Thursday, November 22, 2007

Rachel Shtibel's story of horror during the war is one of six published by Azrieli Foundation

By Debra Black
Toronto Star - November 22, 2007
 
Rachel Shtibel, with her husband, Adam, plays the violin that her family buried near their home in Kolomyja, Poland before they went into hiding. She and other Holocaust survivors read excerpts of their stories last night at a launch of their memoirs published by the Azrieli Foundation, a Toronto-based charitable organization, at the Bloor Cinema in downtown Toronto.
 
Rachel Shtibel, now 72, spent two years of her life living in a bunker – 3 metres by 3 metres – underneath a barn in Poland during part of the Holocaust. "There were ten of us," she said. "We were lying like sardines. When one had to turn all of us had to turn." The men went out at night to get food. By day they all remained as still as possible. Her father had smuggled her out of the local ghetto in a sack of garden tools, warning her to be dead silent or they would be shot. 

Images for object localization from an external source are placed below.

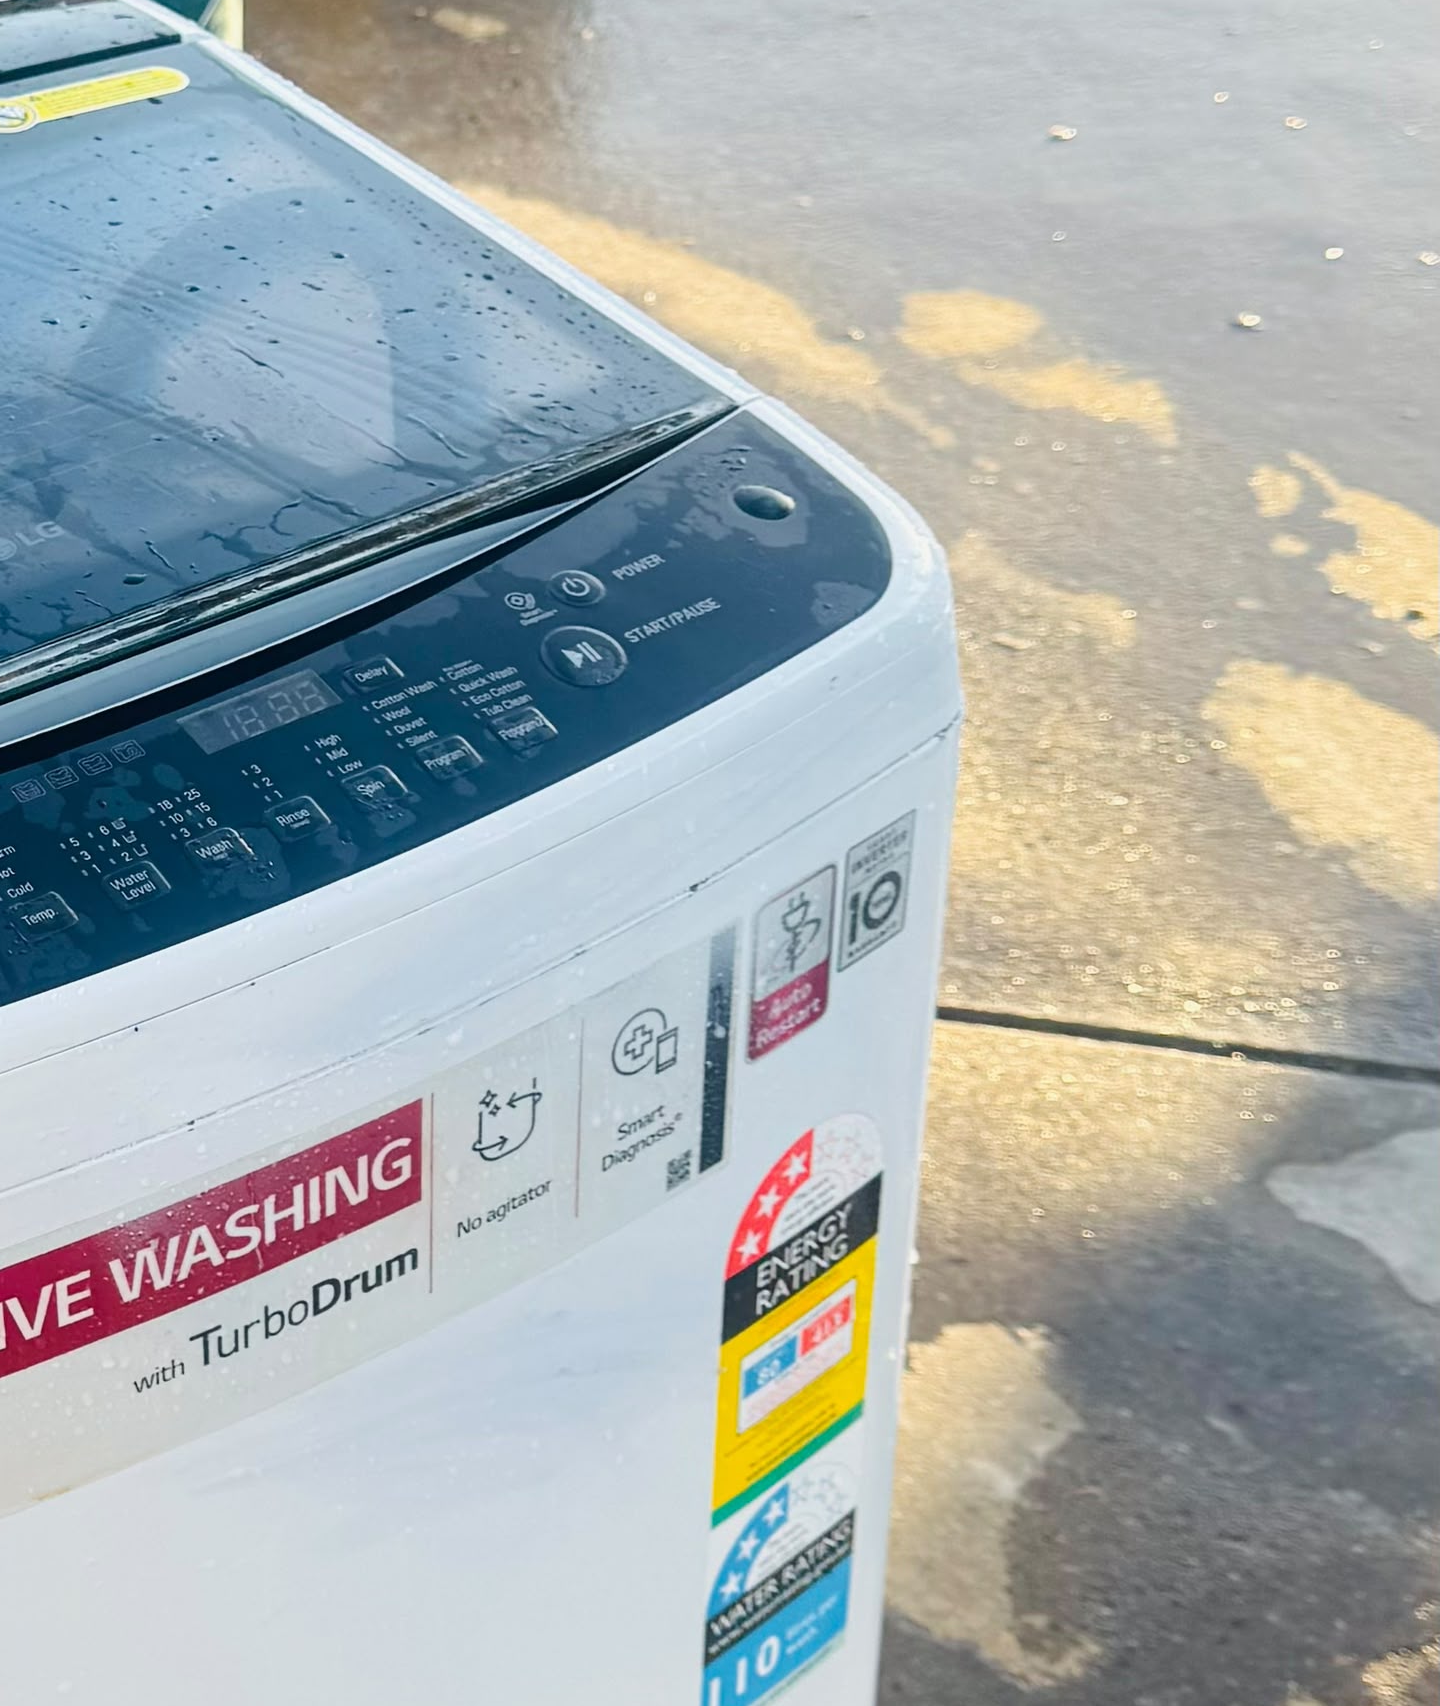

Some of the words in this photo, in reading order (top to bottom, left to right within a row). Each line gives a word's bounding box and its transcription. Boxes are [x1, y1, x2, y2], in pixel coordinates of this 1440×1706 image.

[15, 521, 64, 547] LG
[612, 553, 666, 580] POWER
[624, 597, 722, 643] START/PAUSE
[354, 664, 389, 683] Delay
[446, 663, 484, 680] Cotton
[458, 677, 490, 693] Quick
[486, 666, 518, 682] Wash
[371, 691, 408, 710] Cotton
[405, 680, 438, 698] Wash
[469, 691, 494, 705] Eco
[490, 679, 527, 698] Cotton
[382, 706, 412, 722] Wool
[481, 701, 504, 717] Tub
[502, 693, 534, 710] Clean
[394, 717, 427, 735] Duvet
[315, 733, 342, 749] High
[405, 729, 439, 747] Silent
[325, 747, 349, 761] Mid
[424, 746, 470, 771] Program1
[250, 764, 262, 775] 3
[337, 759, 363, 775] Low
[262, 777, 274, 788] 2
[356, 779, 386, 798] Spin
[157, 799, 174, 812] 18
[183, 788, 201, 801] 25
[273, 790, 283, 799] 1
[168, 812, 184, 825] 10
[195, 801, 211, 814] 15
[275, 808, 310, 827] Rinse
[68, 836, 80, 847] 5
[98, 825, 110, 836] 6
[180, 827, 191, 838] 3
[206, 817, 218, 827] 6
[80, 850, 91, 861] 3
[111, 838, 121, 848] 4
[195, 838, 234, 859] Wash
[92, 864, 101, 873] 1
[121, 851, 133, 862] 2
[7, 881, 34, 899] Cold
[110, 869, 150, 891] Water
[121, 880, 156, 901] Level
[21, 906, 59, 927] Temp.
[849, 870, 902, 945] 10
[767, 982, 813, 1021] Auto
[754, 997, 822, 1049] Restart
[617, 1105, 665, 1141] Smart
[456, 1215, 482, 1238] No
[485, 1179, 553, 1223] agitator
[110, 1137, 413, 1305] WASHING
[757, 1202, 852, 1288] ENERGY
[756, 1232, 849, 1315] RATING
[133, 1359, 185, 1393] with
[189, 1248, 418, 1366] TurboDrum
[710, 1577, 779, 1636] WATER
[781, 1519, 853, 1585] RATING

During the time she and her parents and others hid in the bunker, a family friend – a doctor molested her. Even after the war was over she never told her parents about the sexual abuse, fearful they wouldn't believe her. She speaks of it now as if she were another person. "I was mourning this little child," she said. "I felt so sorry for her – helpless." 

Shtibel's story is one of six Canadian memoirs of Holocaust survivors published by the Azrieli Foundation, a Toronto-based charitable organization. She and other survivors read excerpts of their stories last night at a launch at the Bloor Cinema in downtown Toronto. 

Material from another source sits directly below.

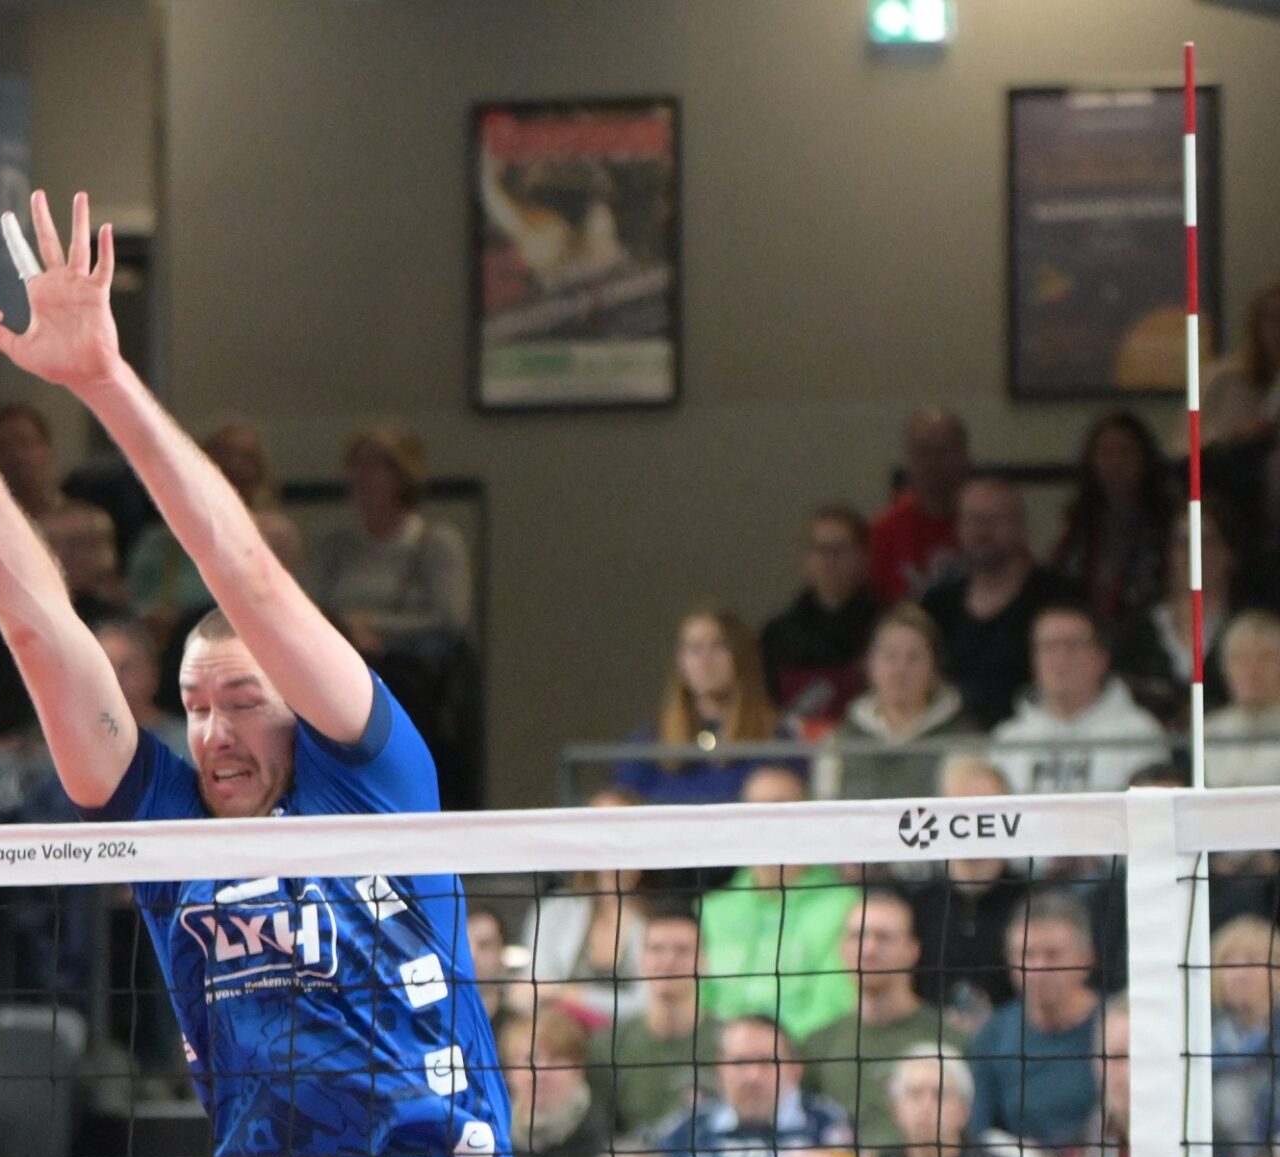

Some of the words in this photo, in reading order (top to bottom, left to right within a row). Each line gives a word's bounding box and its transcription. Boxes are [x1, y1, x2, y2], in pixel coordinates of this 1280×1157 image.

[949, 812, 1022, 839] CEV
[41, 842, 92, 862] Volley
[97, 841, 137, 858] 2024

The books are to be distributed free of charge to libraries across Canada as well as Holocaust memorials around the world. Individuals can go online and order them free of charge shortly. The Azrieli Foundation has close to 170 such memorials it plans to publish.
Shtibel's message is one of hope – hope that the Holocaust will never happen again. The horror and the terror of not knowing whether she would live or die was just one of the burdens she shouldered as her fellow Jews were slaughtered. 

But for Shtibel the shame of being molested wasn't the only secret in the family. After the Holocaust, Shtibel inherited her uncle's violin – which had been buried near a walnut tree near their old home in the Jewish ghetto. With it were old pictures of herself as a baby and of her uncle and another unknown woman. Her parents encouraged her to learn to play the instrument. 

Fifty years later she found out – after her parents died – that her biological father was in fact her uncle – the violinist. And the unknown woman in the picture was in fact her biological mother and the love of her father's life. Today, she still plays that violin – now more than 100 years old – and cherishes it for both its music and the secrets it holds engrained in the wood. 

Still the Holocaust hangs heavy over the survivors. "I wanted the world to know (what happened)," she said. "We are the last generation to witness the Holocaust."